Bulletin News

BFA Exhibit Raises Ethical Questions About Genetics

12/07/2010 

Sculptor and SUNY Cortland senior Tara A. Evans will give a gallery talk at her Bachelor of Fine Arts thesis exhibition, “Down to Science,” on Thursday, Dec. 9, at the third floor studio at the Cortland Corset Company Factory, 75 East Court St. Cortland.

Her presentation begins at 5 p.m.

The exhibition which opened on Nov. 19 is available for viewing upon request. For more information or to schedule a viewing, contact Evans at (315) 750-8348. Parking is available in the lot across the street.

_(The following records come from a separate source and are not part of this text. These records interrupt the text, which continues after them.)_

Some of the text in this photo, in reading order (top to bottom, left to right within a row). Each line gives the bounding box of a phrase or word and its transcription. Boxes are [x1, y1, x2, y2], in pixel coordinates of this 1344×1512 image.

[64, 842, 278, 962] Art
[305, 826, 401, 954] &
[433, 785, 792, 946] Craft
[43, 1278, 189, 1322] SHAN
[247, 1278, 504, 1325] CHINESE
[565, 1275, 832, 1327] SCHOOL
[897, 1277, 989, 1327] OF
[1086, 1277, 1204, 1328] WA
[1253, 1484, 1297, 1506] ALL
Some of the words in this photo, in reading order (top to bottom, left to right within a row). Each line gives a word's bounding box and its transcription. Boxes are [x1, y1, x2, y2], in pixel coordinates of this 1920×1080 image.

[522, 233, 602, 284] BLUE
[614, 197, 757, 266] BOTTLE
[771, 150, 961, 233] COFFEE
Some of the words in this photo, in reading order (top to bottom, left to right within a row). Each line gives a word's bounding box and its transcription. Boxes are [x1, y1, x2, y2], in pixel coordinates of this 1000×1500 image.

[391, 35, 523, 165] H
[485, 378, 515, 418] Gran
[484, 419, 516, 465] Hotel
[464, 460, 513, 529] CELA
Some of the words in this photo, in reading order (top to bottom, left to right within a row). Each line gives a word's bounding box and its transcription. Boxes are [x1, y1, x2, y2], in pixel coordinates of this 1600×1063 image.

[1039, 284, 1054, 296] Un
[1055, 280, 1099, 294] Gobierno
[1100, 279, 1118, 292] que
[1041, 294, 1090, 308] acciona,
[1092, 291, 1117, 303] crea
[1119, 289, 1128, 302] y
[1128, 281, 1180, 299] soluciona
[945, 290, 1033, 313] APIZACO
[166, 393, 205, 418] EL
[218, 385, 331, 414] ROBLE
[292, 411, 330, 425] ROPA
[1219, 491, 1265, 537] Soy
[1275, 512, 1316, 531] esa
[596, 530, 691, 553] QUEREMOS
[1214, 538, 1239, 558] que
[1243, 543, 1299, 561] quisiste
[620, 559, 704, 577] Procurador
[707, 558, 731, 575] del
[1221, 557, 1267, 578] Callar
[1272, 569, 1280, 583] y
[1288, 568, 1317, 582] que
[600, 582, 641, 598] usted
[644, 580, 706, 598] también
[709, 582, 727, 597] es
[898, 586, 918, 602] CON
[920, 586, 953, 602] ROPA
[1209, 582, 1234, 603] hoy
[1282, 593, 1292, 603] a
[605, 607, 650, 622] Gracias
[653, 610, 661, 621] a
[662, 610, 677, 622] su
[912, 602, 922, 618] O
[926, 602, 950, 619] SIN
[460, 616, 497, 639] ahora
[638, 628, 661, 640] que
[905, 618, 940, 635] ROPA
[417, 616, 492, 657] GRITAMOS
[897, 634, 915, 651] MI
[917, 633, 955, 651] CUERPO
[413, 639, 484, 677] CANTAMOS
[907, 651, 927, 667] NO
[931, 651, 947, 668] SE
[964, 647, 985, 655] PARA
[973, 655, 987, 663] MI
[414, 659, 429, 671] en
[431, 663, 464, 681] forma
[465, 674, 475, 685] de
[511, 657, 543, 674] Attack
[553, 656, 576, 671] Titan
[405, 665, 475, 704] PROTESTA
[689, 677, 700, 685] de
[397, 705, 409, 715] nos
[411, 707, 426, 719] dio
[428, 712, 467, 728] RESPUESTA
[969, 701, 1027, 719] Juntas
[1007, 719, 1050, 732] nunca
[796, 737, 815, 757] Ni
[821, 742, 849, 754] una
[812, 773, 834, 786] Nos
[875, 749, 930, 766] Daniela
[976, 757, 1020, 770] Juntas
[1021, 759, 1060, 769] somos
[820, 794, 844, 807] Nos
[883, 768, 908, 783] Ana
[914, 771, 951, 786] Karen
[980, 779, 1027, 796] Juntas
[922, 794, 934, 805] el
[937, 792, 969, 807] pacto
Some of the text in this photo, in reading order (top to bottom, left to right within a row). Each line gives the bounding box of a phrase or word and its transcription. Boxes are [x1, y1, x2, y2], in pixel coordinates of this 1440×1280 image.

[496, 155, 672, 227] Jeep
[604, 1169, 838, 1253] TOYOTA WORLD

Evans’ past artwork was exhibited in the “2009 Best of SUNY Art Student Exhibition Series” at the New York State University Plaza Gallery. Her wooden sculpture, which is called “Without Sound,” was displayed at the “Best of SUNY” exhibition as well as the “Art and Culture Series” at the Albany International Airport from Jan.-June 2010.

wooden sculpture
A previous piece of artwork by SUNY Cortland BFA student Tara A. Evans is titled “Without Sound.”

Her planned, interactive exhibition will combine science with sculpture in a way that presents the viewer with a choice: “What gene will he or she pass on?”

“The modern advancements in science and technology inform my conceptual ideas regarding designer DNA,” Evans said of the planned installation piece. “With 36 choices between medical and cosmetic genetic traits, I create a ‘control panel’ for gene manipulation.”

While referencing Mary Shelley’s Frankenstein and Aldous Huxley’s Brave New World, her sculpture suggests dangerous and far-reaching moral implications using mass-produced, luminous, blood-like forms suspended from the ceiling. The space offers individually wired toggle switches that represent each trait to be switched on or off by the viewer, alluding to the fantasy of perfection.